Quote the listing below in full and exactly as written, but omit every picture.

§ Source records:
____________________
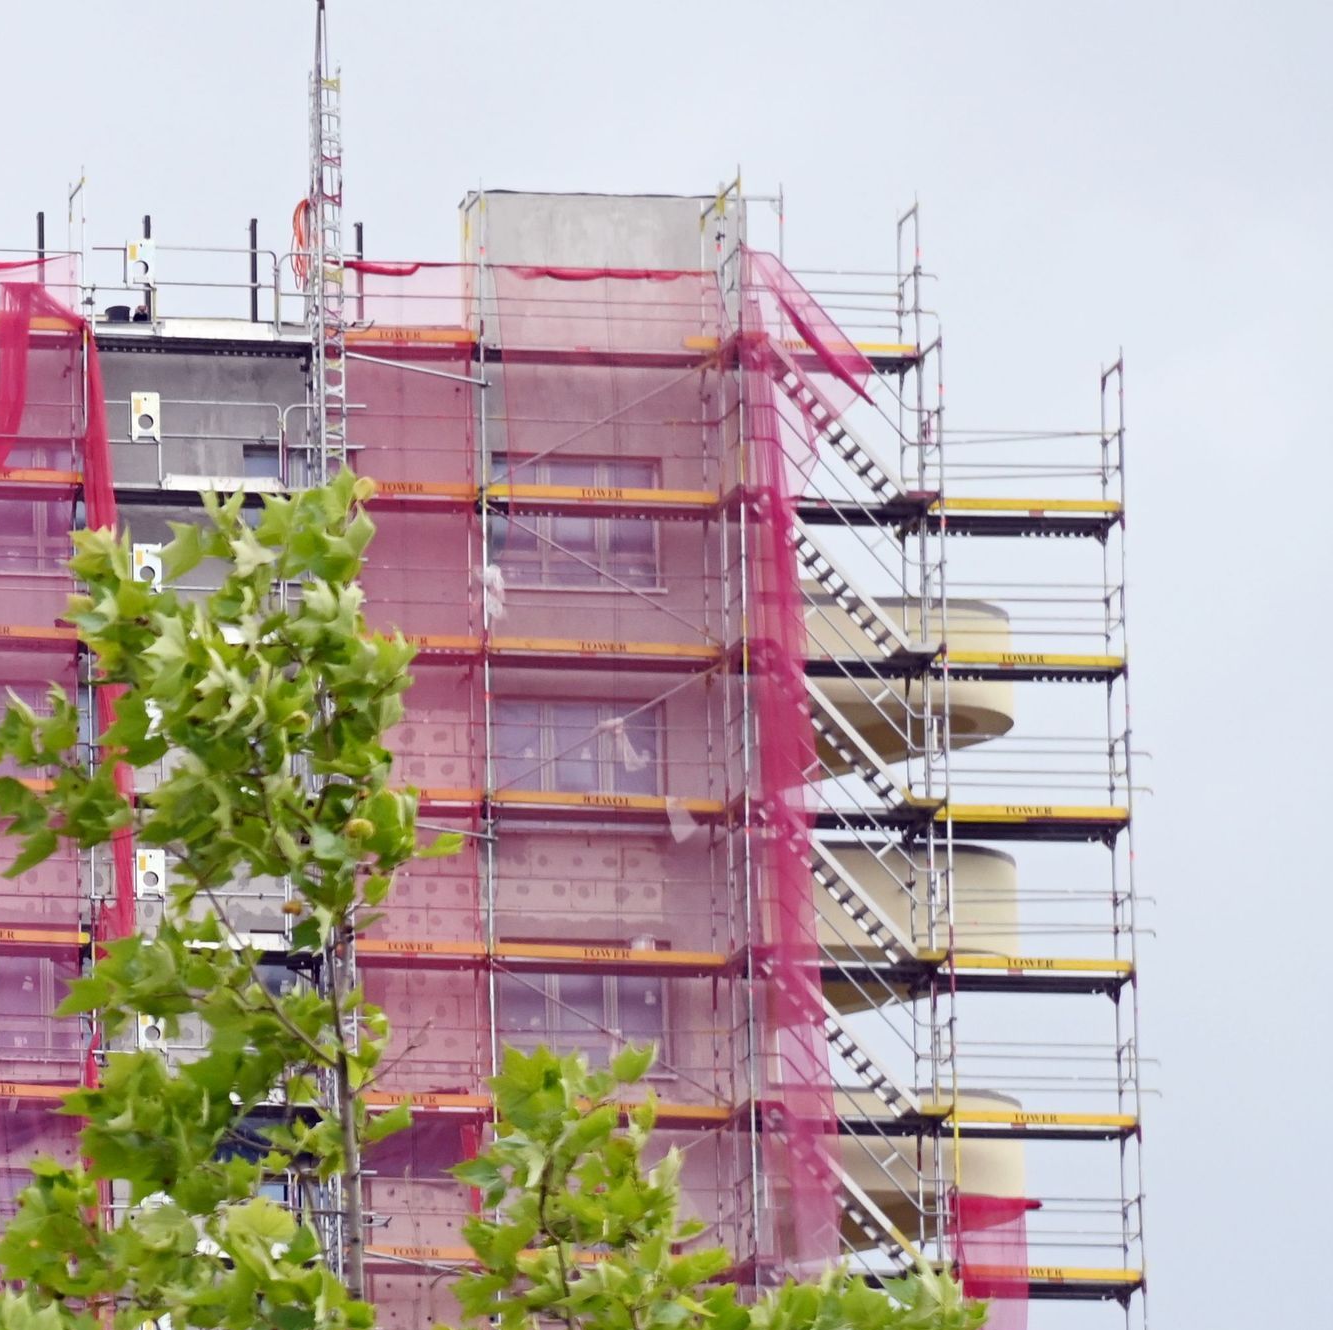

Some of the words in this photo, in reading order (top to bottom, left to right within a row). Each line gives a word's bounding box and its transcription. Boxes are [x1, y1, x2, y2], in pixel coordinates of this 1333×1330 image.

[378, 330, 421, 340] TOWER
[381, 483, 424, 492] TOWER
[582, 488, 623, 499] TOWER
[579, 641, 626, 652] TOWER
[1000, 654, 1044, 664] TOWER
[583, 796, 629, 806] TOWER
[1005, 806, 1052, 815] TOWER
[386, 942, 434, 952] TOWER
[583, 948, 630, 959] TOWER
[1007, 959, 1054, 969] TOWER
[1014, 1113, 1058, 1123] TOWER
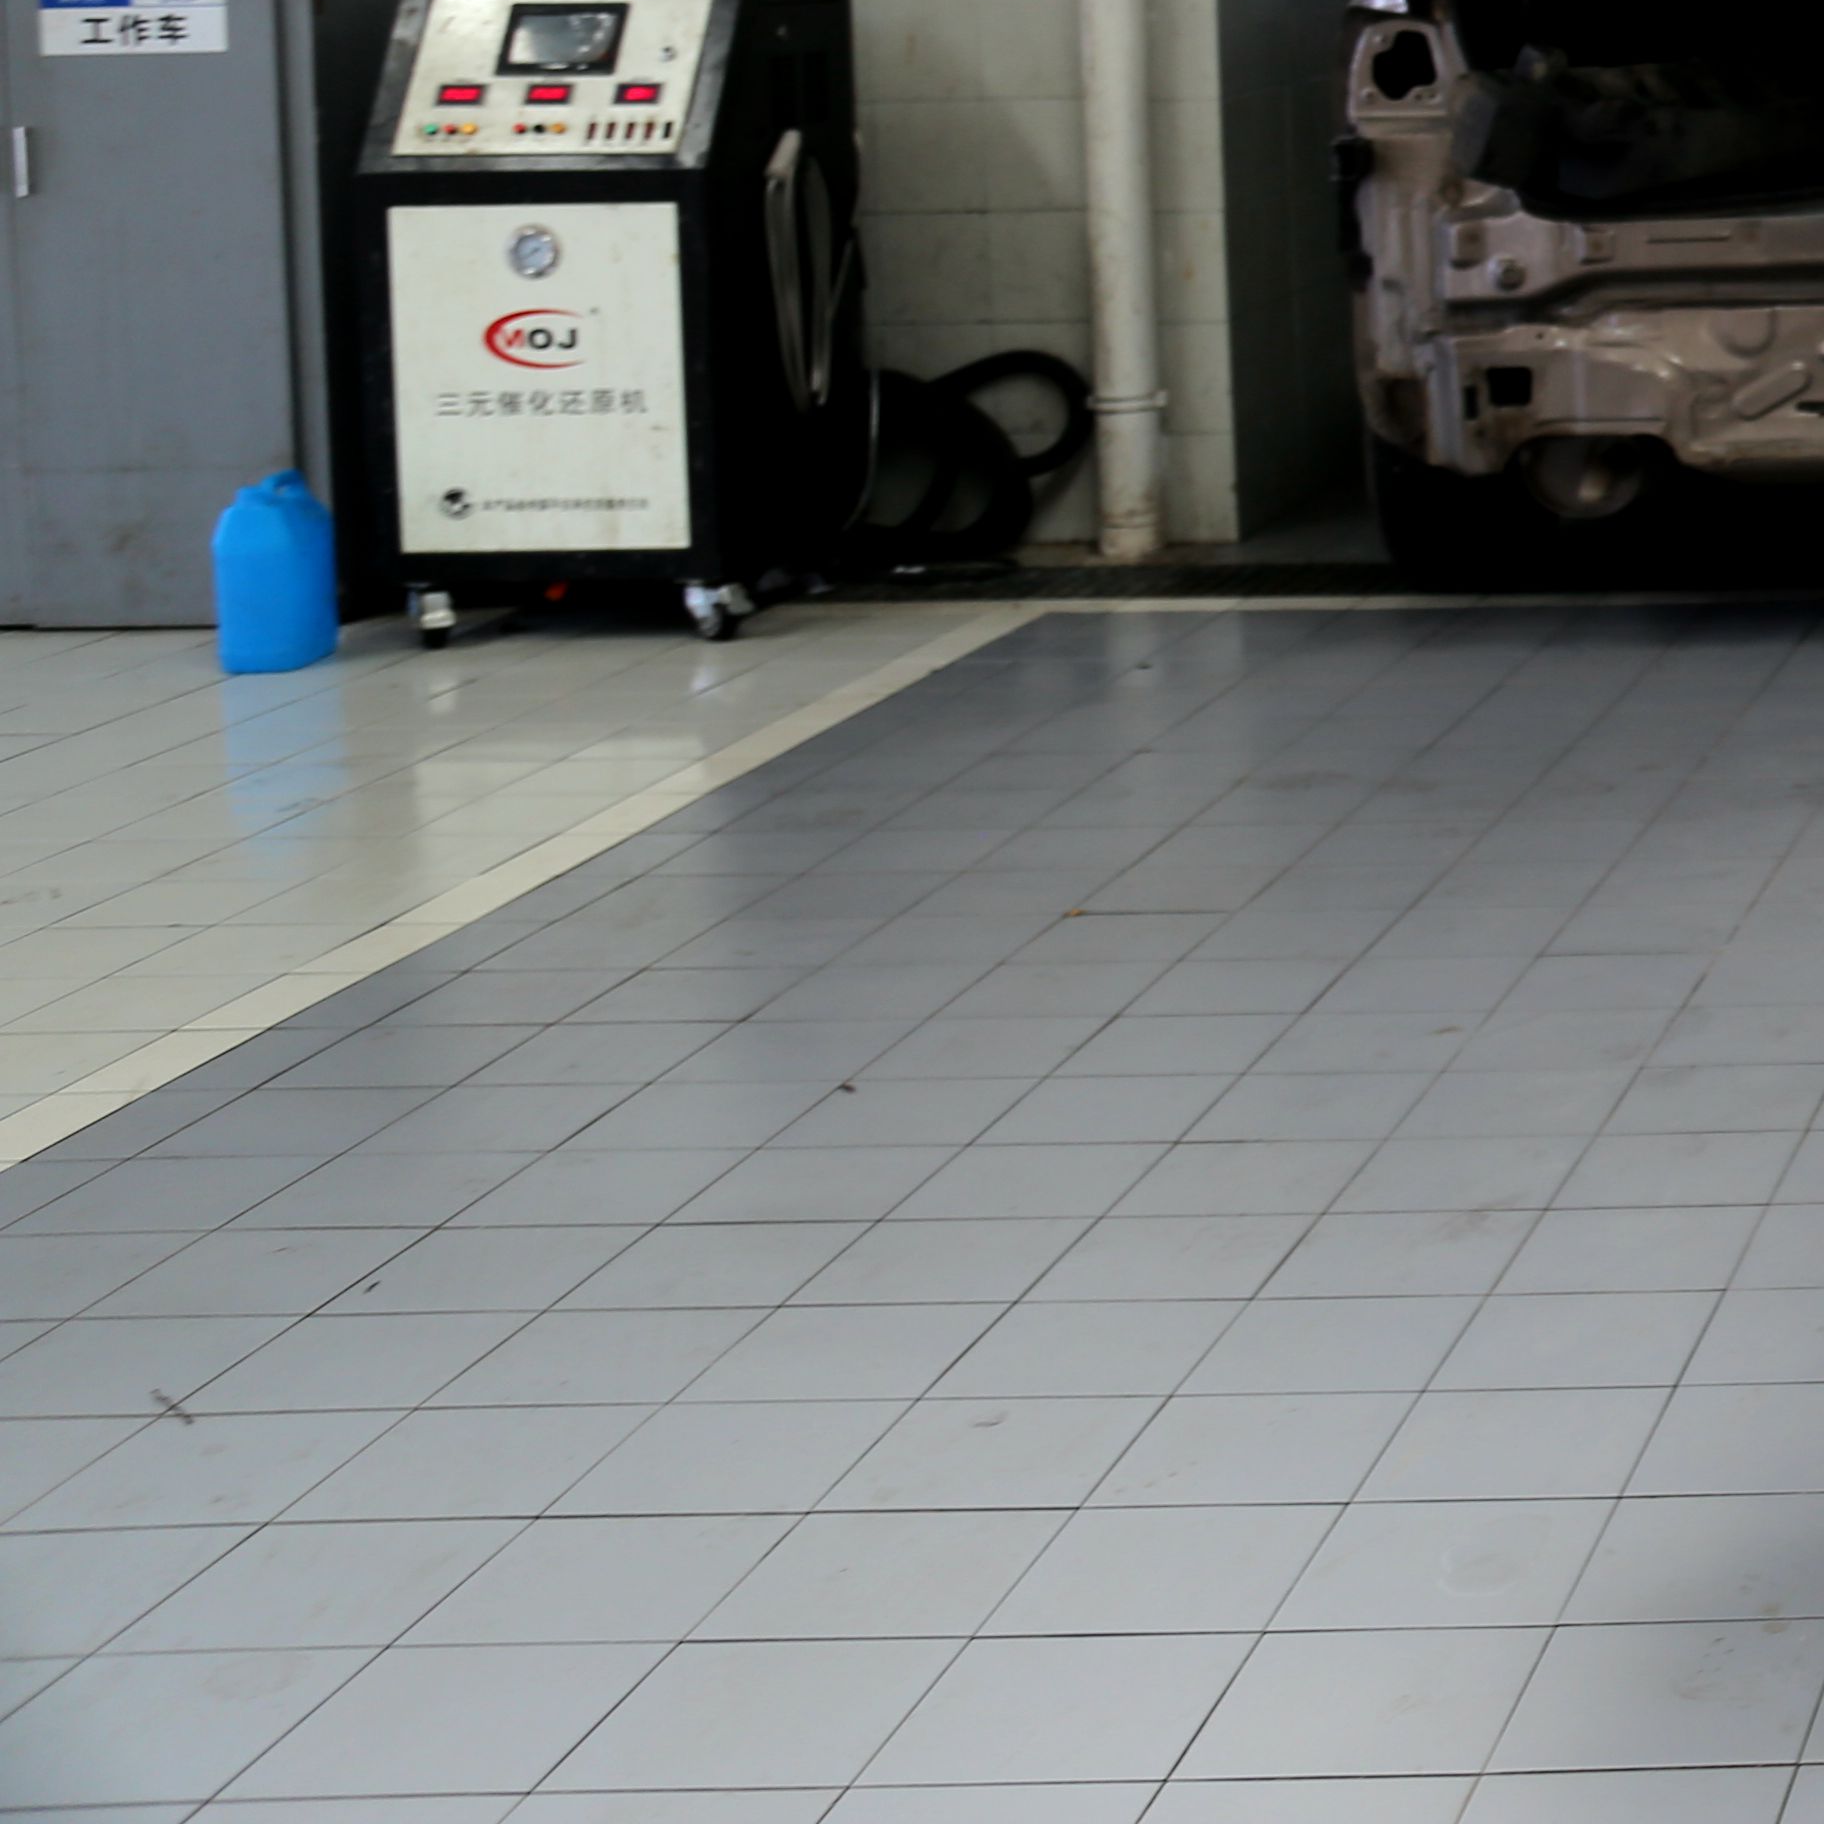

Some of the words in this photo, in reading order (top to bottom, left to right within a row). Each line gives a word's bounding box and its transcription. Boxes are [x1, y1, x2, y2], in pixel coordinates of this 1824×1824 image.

[80, 14, 190, 46] 工作车
[434, 388, 649, 417] 三元催化还原机
____________________
§ Response:
Some of the words in this photo, in reading order (top to bottom, left to right within a row). Each line gives a word's bounding box and its transcription. Boxes are [x1, y1, x2, y2], in pixel coordinates of this 1333×1330 image.

[378, 330, 421, 340] TOWER
[381, 483, 424, 492] TOWER
[582, 488, 623, 499] TOWER
[579, 641, 626, 652] TOWER
[1000, 654, 1044, 664] TOWER
[583, 796, 629, 806] TOWER
[1005, 806, 1052, 815] TOWER
[386, 942, 434, 952] TOWER
[583, 948, 630, 959] TOWER
[1007, 959, 1054, 969] TOWER
[1014, 1113, 1058, 1123] TOWER

Some of the words in this photo, in reading order (top to bottom, left to right within a row). Each line gives a word's bounding box and its transcription. Boxes are [x1, y1, x2, y2], in pixel coordinates of this 1824×1824 image.

[80, 14, 190, 46] 工作车
[434, 388, 649, 417] 三元催化还原机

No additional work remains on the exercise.